Stored data entries
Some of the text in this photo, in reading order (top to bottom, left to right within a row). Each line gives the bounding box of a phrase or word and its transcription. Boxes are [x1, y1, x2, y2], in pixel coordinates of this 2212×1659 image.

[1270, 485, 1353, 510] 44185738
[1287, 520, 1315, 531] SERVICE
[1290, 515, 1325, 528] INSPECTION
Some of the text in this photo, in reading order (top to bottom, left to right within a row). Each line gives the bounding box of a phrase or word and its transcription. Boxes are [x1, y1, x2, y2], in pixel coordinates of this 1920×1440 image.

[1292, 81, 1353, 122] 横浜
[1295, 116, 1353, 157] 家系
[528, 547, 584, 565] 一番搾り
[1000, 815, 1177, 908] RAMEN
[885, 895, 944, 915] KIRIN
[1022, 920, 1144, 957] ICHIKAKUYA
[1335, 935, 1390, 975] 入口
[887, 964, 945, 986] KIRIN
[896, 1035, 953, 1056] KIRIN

### [Task]
An exact copy of every record is required.

### [Your solution]
Some of the text in this photo, in reading order (top to bottom, left to right within a row). Each line gives the bounding box of a phrase or word and its transcription. Boxes are [x1, y1, x2, y2], in pixel coordinates of this 2212×1659 image.

[1270, 485, 1353, 510] 44185738
[1287, 520, 1315, 531] SERVICE
[1290, 515, 1325, 528] INSPECTION
Some of the text in this photo, in reading order (top to bottom, left to right within a row). Each line gives the bounding box of a phrase or word and its transcription. Boxes are [x1, y1, x2, y2], in pixel coordinates of this 1920×1440 image.

[1292, 81, 1353, 122] 横浜
[1295, 116, 1353, 157] 家系
[528, 547, 584, 565] 一番搾り
[1000, 815, 1177, 908] RAMEN
[885, 895, 944, 915] KIRIN
[1022, 920, 1144, 957] ICHIKAKUYA
[1335, 935, 1390, 975] 入口
[887, 964, 945, 986] KIRIN
[896, 1035, 953, 1056] KIRIN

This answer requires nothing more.